This won't help feds a bit to fight terrorism. Since no terrorist will give his social media ids. Just like the questionnaires which ask you directly if you are a terrorist. This won't help fight terrorism. The only two things that it could possibly change are: people who don't give they're social media ids are treated as if they were guilty and the government knows even more about innocent people.


Someone who purposely enters wrong information in the field could be prosecuted for that reason.

That could be helpful to a prosecutor trying to get a known terrorist where there's not enough evidence beyond a reasonable doubt for the other crimes.


If you create a new crime for the purpose of going after people who you can't prove committed a different crime, you are doing something (morally) wrong.

This kind of thinking pushes us even farther along this dangerous path than we are today: where nearly everything is illegal, so we simply trust the all-powerful prosecutors and their discretion as the sole arbiters of what is punished and what is allowed, who is a criminal and who is innocent. And it may change in an instant at the whim of a few powerful men and women.


Don't forget that ESTA is the enormous form that everyone traveling to the USA from countries not required to obtain visa has to complete and have approved before leaving. And it asks for wonderful stuff like: "Have you been a member of a terrorist organization?" with helpful footnote: "Answering yes to any of these questions (there are a few more such gems there) is not a ground for automatic entry refusal." (paraphrased from memory). These questions are pretty much the same that are/used to be on the visa application forms too.

Submitting the form isn't free neither - you have to pay a processing fee.

What is worse, you can be denied entry with no explanation even if you are not a terrorist and have done all the paperwork, no prosecution needed. Either because your ESTA form submission was rejected for some unknown reason (then good luck obtaining a visa - pretty much denied by default) or on arrival, even though you had everything approved.

What a wonderful system that really makes everyone safe and secure :(


If they can't prove this person is a terrorist, how can they prosecute then when the person claims they aren't a terrorist?


Why are you asking questions?? I think you must have something to hide...

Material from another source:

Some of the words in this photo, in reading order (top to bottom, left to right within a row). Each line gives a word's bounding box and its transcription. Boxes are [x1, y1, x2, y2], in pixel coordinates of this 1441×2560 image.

Aside from the fact that this will not help to legitimately identify terrorists at all, the change is also estimated to cost nearly $300 million annually to administer. Not just useless, but insanely expensive too.

If you want to give them a piece of your mind, you'll have to mail a physical letter to U.S. Customs and Border Protection in DC before August 22.

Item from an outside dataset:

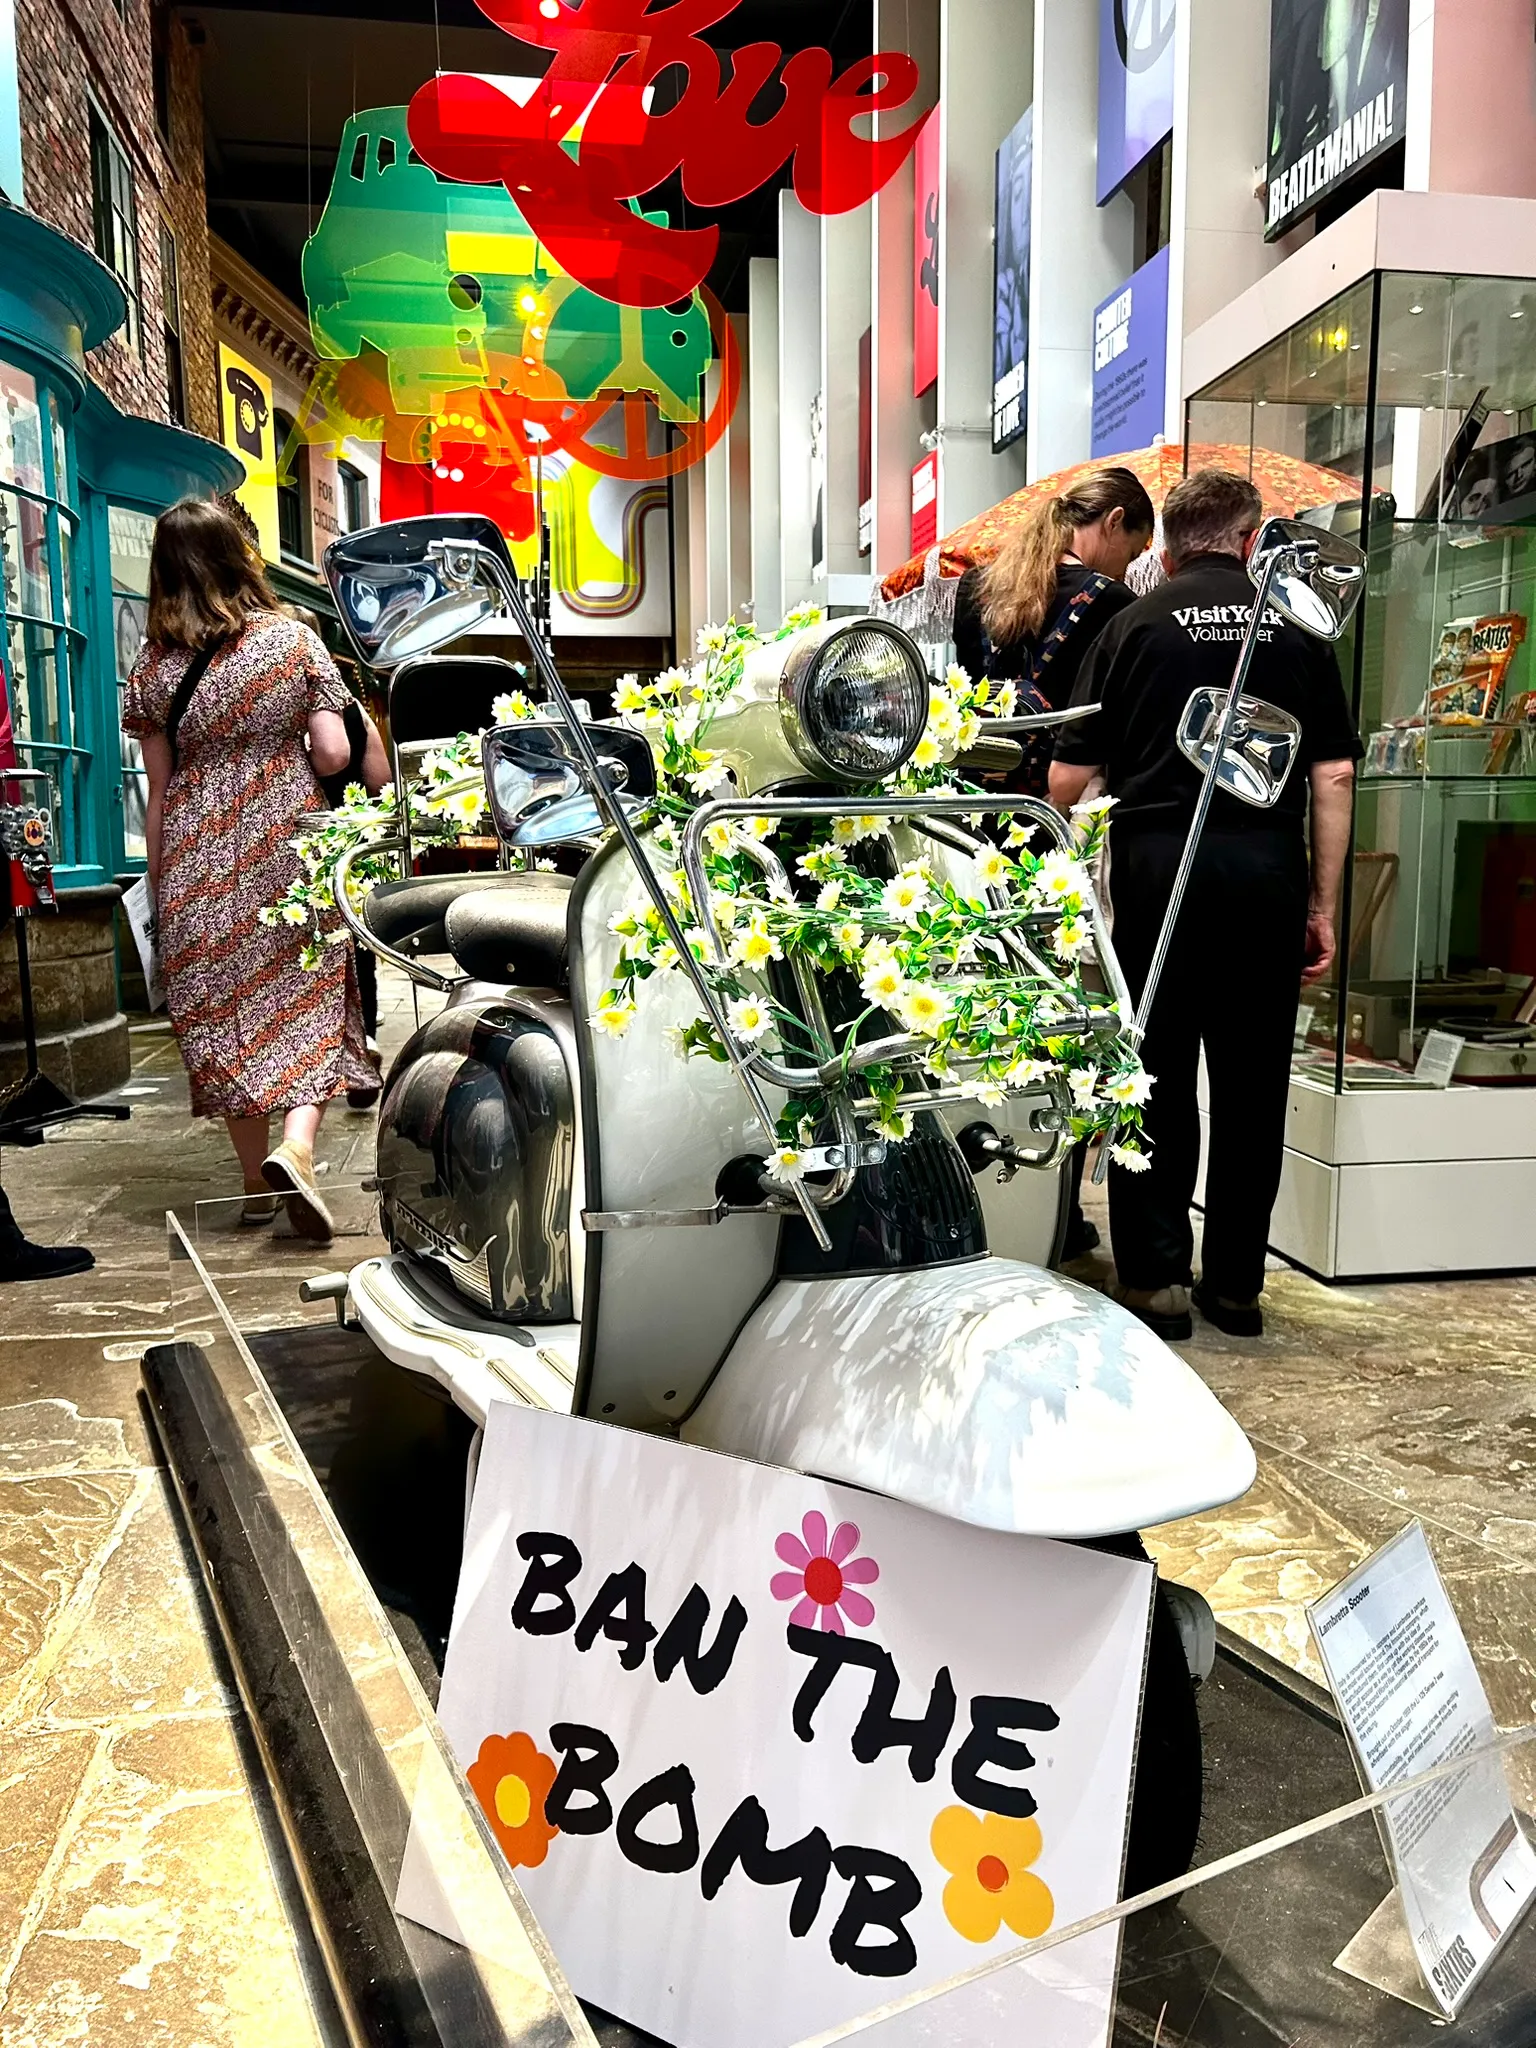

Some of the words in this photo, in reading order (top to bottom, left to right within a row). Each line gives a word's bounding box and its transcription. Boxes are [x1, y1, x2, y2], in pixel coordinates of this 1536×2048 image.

It'd be interesting to know how many people get turned away from the US for their social media posts.

Here one famous case from 2012.

http://www.bbc.co.uk/news/technology-16810312

> The 26-year-old bar manager wrote a message to a friend on the micro-blogging service, saying: "Free this week, for quick gossip/prep before I go and destroy America."


What if they claim they don't have one?

Or, I guess, what if they have two: one to show co-workers, TSA, and the like. The second for their friends.

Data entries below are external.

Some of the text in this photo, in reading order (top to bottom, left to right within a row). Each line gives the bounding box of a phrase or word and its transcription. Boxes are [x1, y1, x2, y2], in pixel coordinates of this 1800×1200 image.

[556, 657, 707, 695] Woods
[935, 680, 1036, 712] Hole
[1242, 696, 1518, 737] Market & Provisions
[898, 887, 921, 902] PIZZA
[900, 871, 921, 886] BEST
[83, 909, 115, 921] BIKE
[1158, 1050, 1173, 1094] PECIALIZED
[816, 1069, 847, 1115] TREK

> It will be an optional data field

Looks like it will not be mandatory.

I'm curious who would want/care to provide it willingly, if it was clearly an optional field.


If the extra initial scrutiny is perceived to streamline the process and avoid further hassles, many will hand it over without giving it a second thought.

For example, many people have voluntarily submitted fingerprints in order to enroll in TSA's PreCheck.


That's a very good example, but on the other hand fingerprints aren't likely to accidentally "incriminate" you.

Coming into the USA, if I saw that on a form my first instinct would be that not providing it reduces the risk of accidentally getting flagged for something ridiculous. I'd hate to be pulled aside for extra screening because a tweet from 6 years ago included the word 'explosion' in it.


All the people who think that if a form field exists, they have to fill it out. I bet they'll harvest an extraordinary amount of data by having this optional field.


And those who leave it blank will be considered suspicious.


I could imagine that a good LinkedIn or GitHub profile might help support an O-1 or P-1 visa application by providing some evidence that the applicant is well-regarded in their field.


> What if they claim they don't have one?

Lying to federal officials is serious business.

Trying to hide something from the feds is seen by them as a sign you need further investigation. (Obviously they're wrong!)


It's voluntary so largely absurd. "Largely" since it's often unwise to take advantage of such choices -- you're better off not exercising your right to decline.

Any bad guy will just make a burner account. It need not even be obvious: a person who mostly uses vKontakt can just make a legit, if empty Facebook account.


My guess is such field won't be explicitly optional, it will just say "Twitter:". People will assume it is mandatory and fill it in.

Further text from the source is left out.